Injectables: Will They Become As Common As Orals?

Our friends at PharmaCircle recently published an interesting and provocative piece entitled Injectables: The New Oral? The PDF is available here.

The article notes that, in 2014, seven of the top ten pharmaceuticals were parenteral products, with products such as Humira, Remicade, and Enbrel achieving $9-12+ billion in sales.

This is a huge change from ten years previously, where only one parenteral product (Epogen) was in the top ten.
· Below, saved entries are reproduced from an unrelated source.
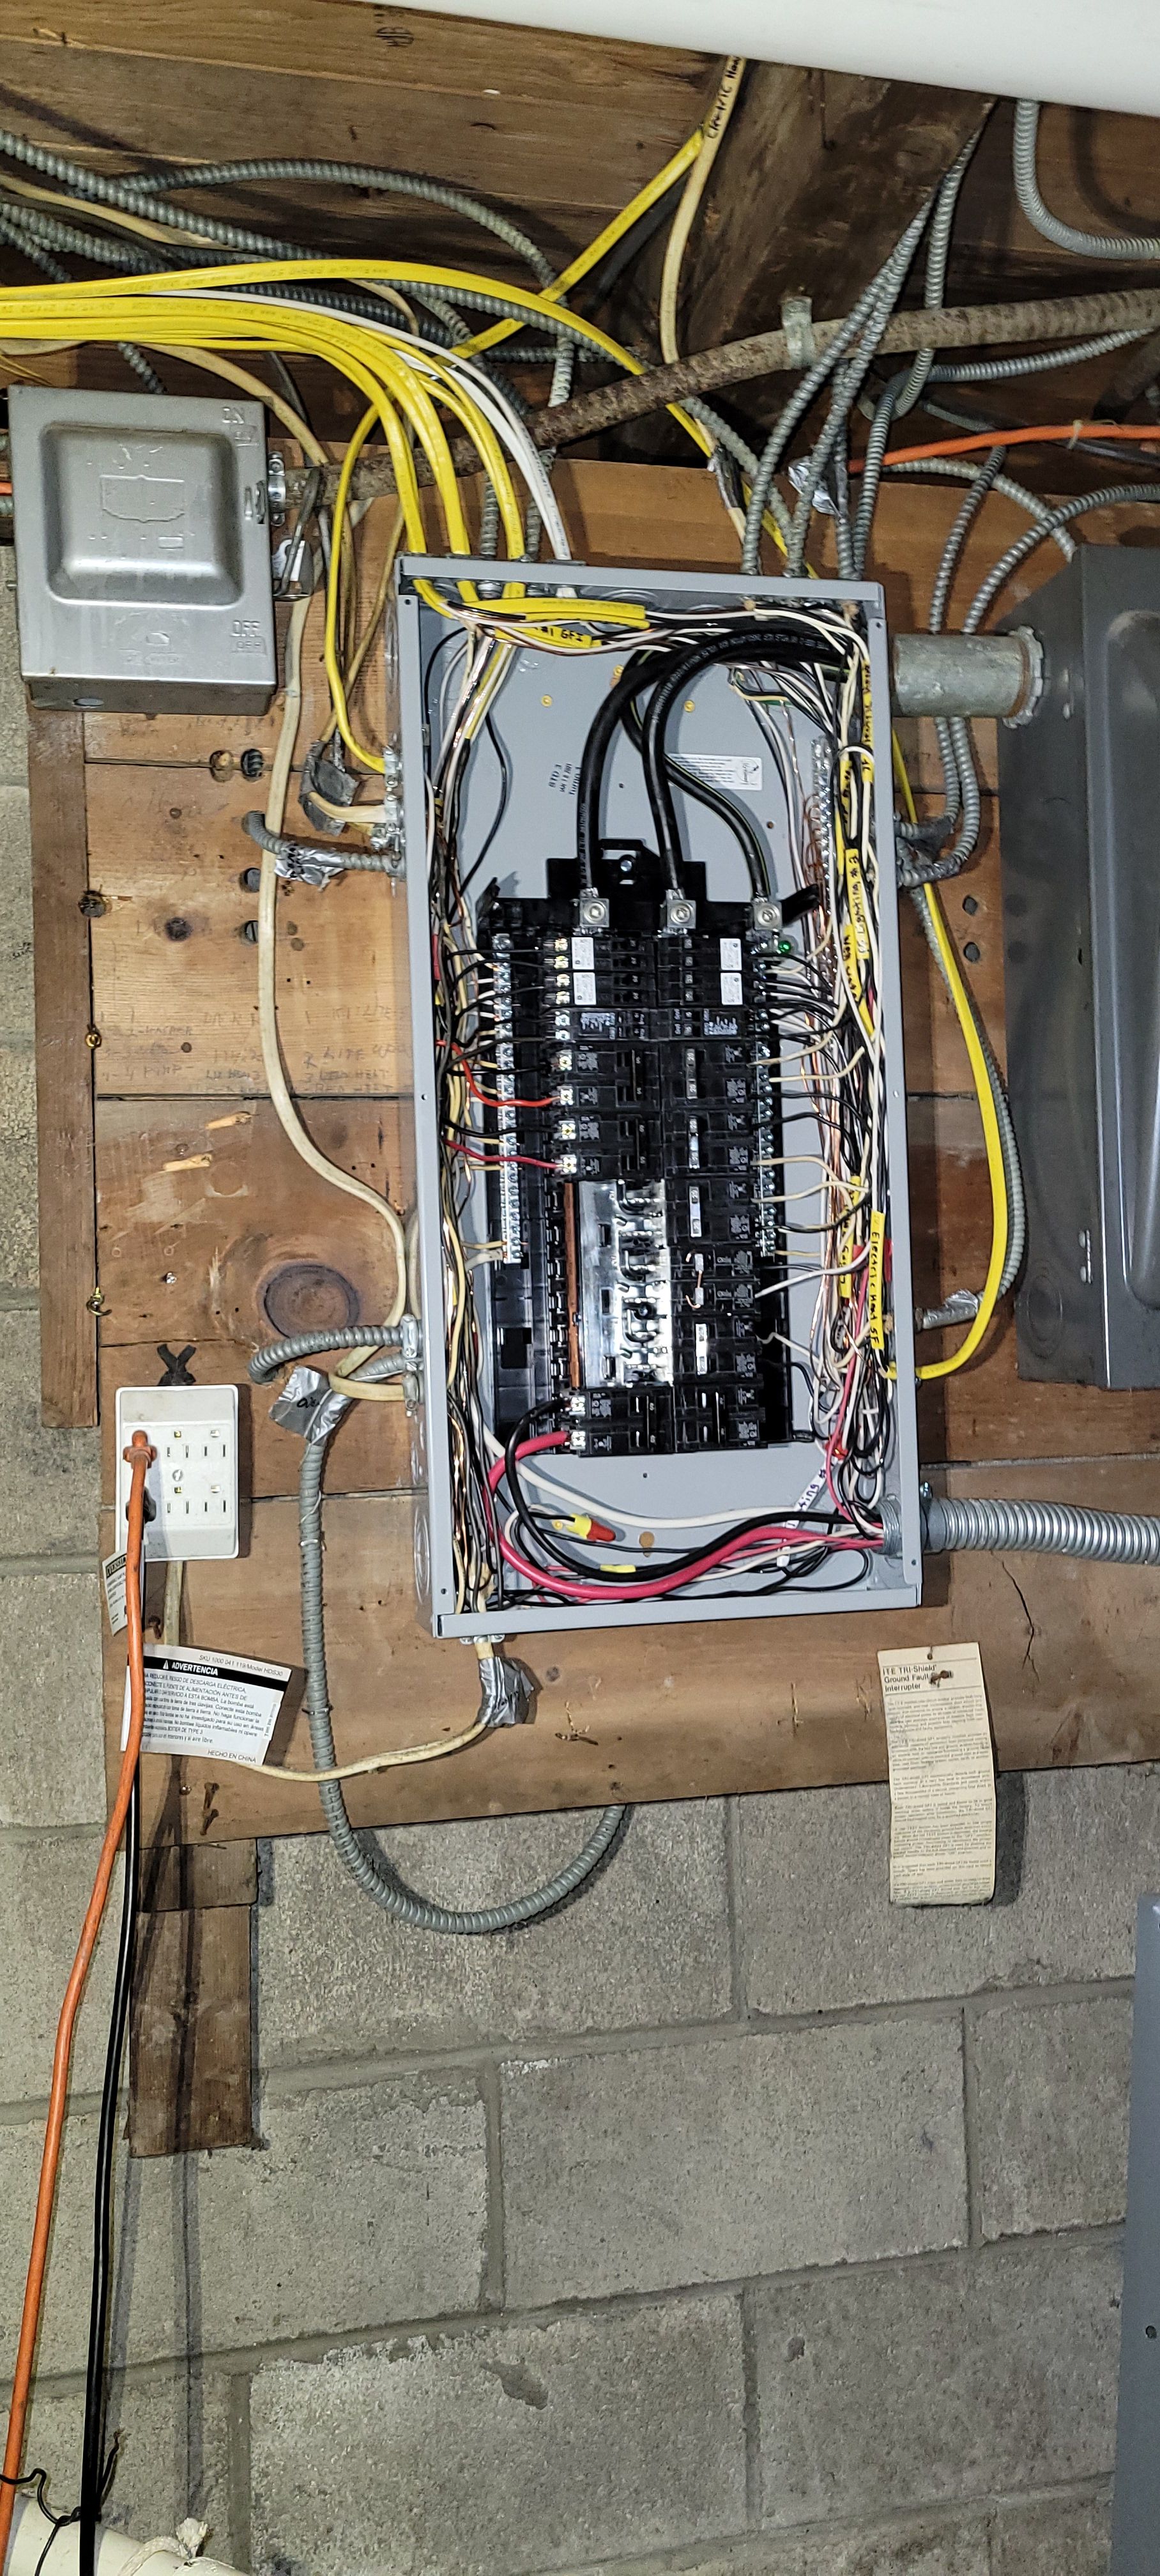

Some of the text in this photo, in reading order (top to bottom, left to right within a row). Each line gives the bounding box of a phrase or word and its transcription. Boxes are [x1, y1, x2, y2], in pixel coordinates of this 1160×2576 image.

[231, 619, 261, 638] OFF
[870, 1231, 881, 1289] Electric
[171, 1661, 219, 1676] ADVERTENCIA
[190, 1678, 217, 1689] DESCARGA
[883, 1675, 910, 1684] Ground
[884, 1683, 921, 1692] Interrupter
[222, 1691, 238, 1700] ANTES
[208, 1749, 257, 1763] HECHO EN CHINA
The article discusses some of the key reasons why this change has taken place:

  • Complex biologics lack a clear regulatory path for genericization in the US (at least so far). Therefore, there is an inherent exclusivity built into these products, allowing companies to really entrench their brands in their key therapeutic areas…sometime with minimal competition.
  • Parenterals are moving away from vials and bags for infusion and towards patient-friendly prefilled syringes and other technologies for self injection. This reduces the overall cost of therapy while maintaining patient access to these important drugs.
  • Our understanding of cancer and autoimmune diseases has led directly to the development of these biologics. These diseases can now be managed far better today, thanks in part to these parenteral products.
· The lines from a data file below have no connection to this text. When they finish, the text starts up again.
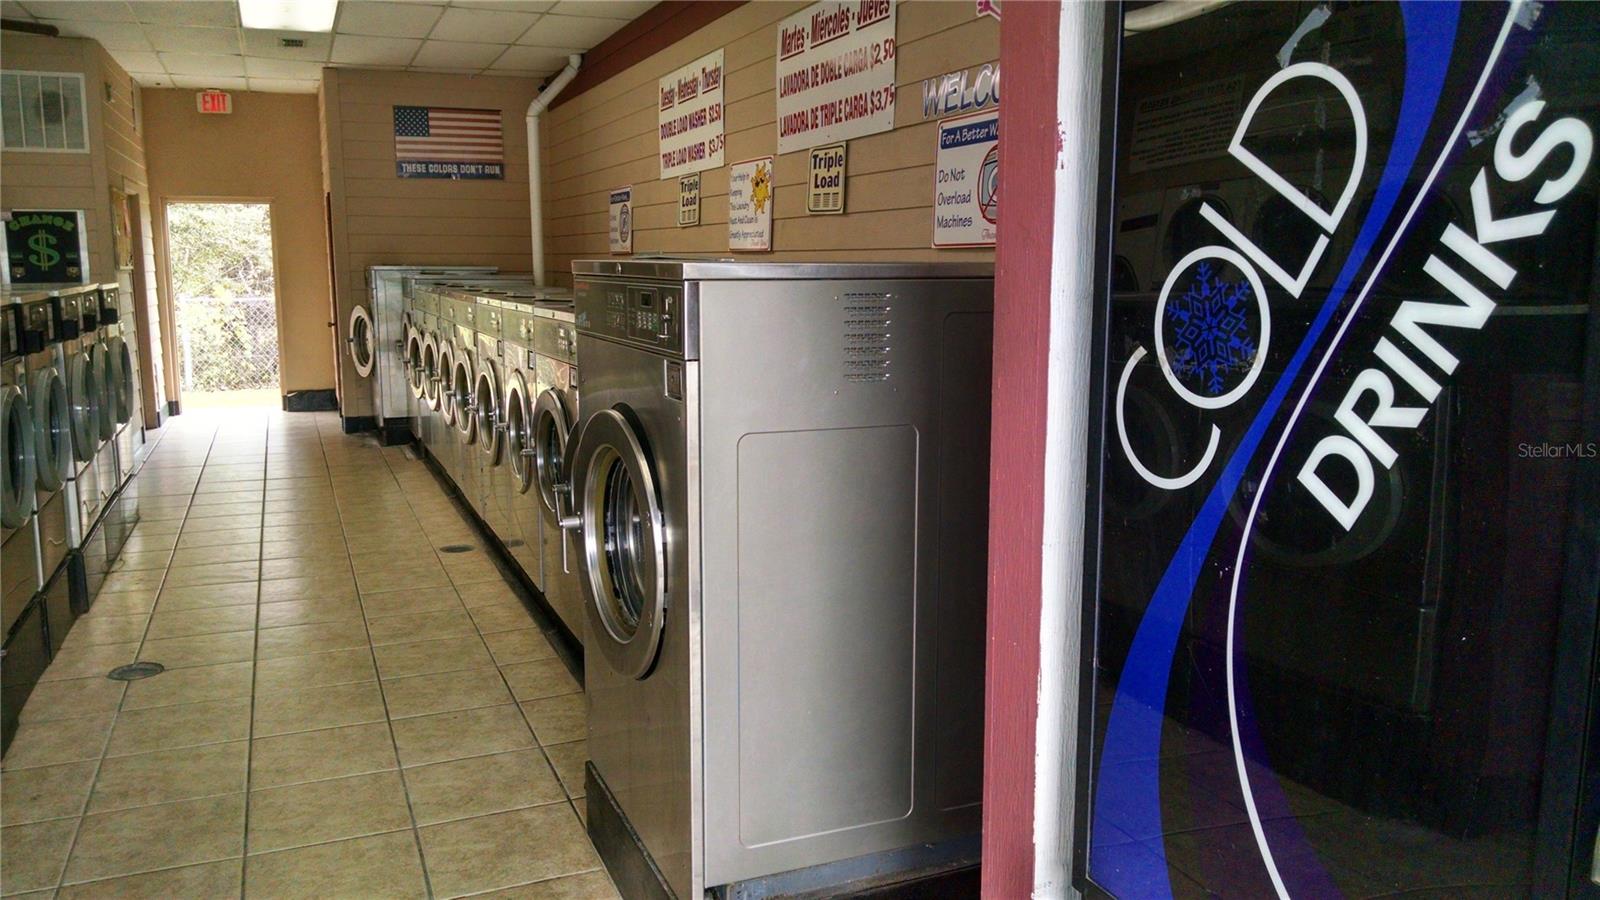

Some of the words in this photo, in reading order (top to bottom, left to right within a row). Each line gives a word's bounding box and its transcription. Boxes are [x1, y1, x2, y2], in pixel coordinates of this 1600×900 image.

[781, 24, 805, 56] Martes
[811, 3, 850, 44] Miércoles
[857, 0, 890, 25] Jueves
[780, 68, 810, 98] LAVADORA
[811, 64, 819, 88] DE
[821, 56, 842, 85] DOBLE
[843, 46, 868, 77] CARGA
[202, 93, 228, 112] EXIT
[780, 109, 810, 137] LAVADORA
[810, 106, 819, 130] DE
[820, 98, 843, 127] TRIPLE
[844, 92, 868, 121] CARGA
[870, 83, 894, 117] $3.75
[660, 119, 677, 140] DOUBLE
[677, 114, 688, 135] LOAD
[688, 107, 707, 131] WASHER
[942, 132, 955, 146] For
[954, 129, 961, 143] A
[961, 126, 989, 142] Better
[662, 151, 676, 169] TRIPLE
[676, 147, 687, 166] LOAD
[687, 141, 705, 163] WASHER
[812, 151, 844, 172] Triple
[402, 163, 427, 173] THESE
[428, 163, 458, 174] COLORS
[460, 163, 482, 174] DON'T
[484, 164, 500, 174] RUN
[938, 169, 949, 184] Do
[950, 167, 966, 182] Not
[681, 178, 699, 195] Triple
[814, 170, 840, 189] Load
[682, 193, 697, 208] Load
[937, 188, 971, 206] Overload
[9, 214, 75, 231] CHANGE
[937, 213, 973, 229] Machines
[1116, 61, 1368, 490] COLD
[1297, 100, 1593, 532] DRINKS
So where do parenterals go from here? We think there are a few areas where parenterals could indeed approach the levels of usage of oral therapies:

Lower Dosing – Highly potent peptides and proteins which can be dosed at ~2 milligrams or less are perfect for any number of self-injection devices, skin-permeating patches, and other delivery devices which can greatly expand their use.

We think low-dose, higher frequency regimens, via novel devices will become more common in the future.

Smaller Large Molecules – Scanning the list of top 10 drugs for 2014, seven are large molecules, and only two (Lantus and Enbrel) are not monoclonal antibodies. Even with Enbrel, we are looking at a molecular weight of roughly 50,000 daltons, while Lantus checks in at a svelte ~6,000 daltons.

As our collective understanding of both disease and drug-target interactions improve, might we see these molecular weights decline? Maybe. Maybe not. But if they do, then self-dosing becomes increasingly possible.

Novel Combinations – Lower doses with small molecules opens up the theoretical possibility of parenteral combination therapies via self-injection. Perhaps small molecules and large peptides/small proteins can be combined in single, self-injection systems for severe inflammation (i.e., later-stage Crohn’s Disease), for maintaining cancer remission, and other medical needs.

Stability issues aside, patients who are using both oral and parenteral therapies could benefit from combining them into a single parenteral. While increasing Rx cost, it could increase compliance and improve overall therapeutic benefit.

So will parenterals ever become as common as orals? Probably not. But the premise of the article is quite sound, in the sense that parenteral products will continue to become more routine, thanks in part to easy-to-use self injection systems and devices.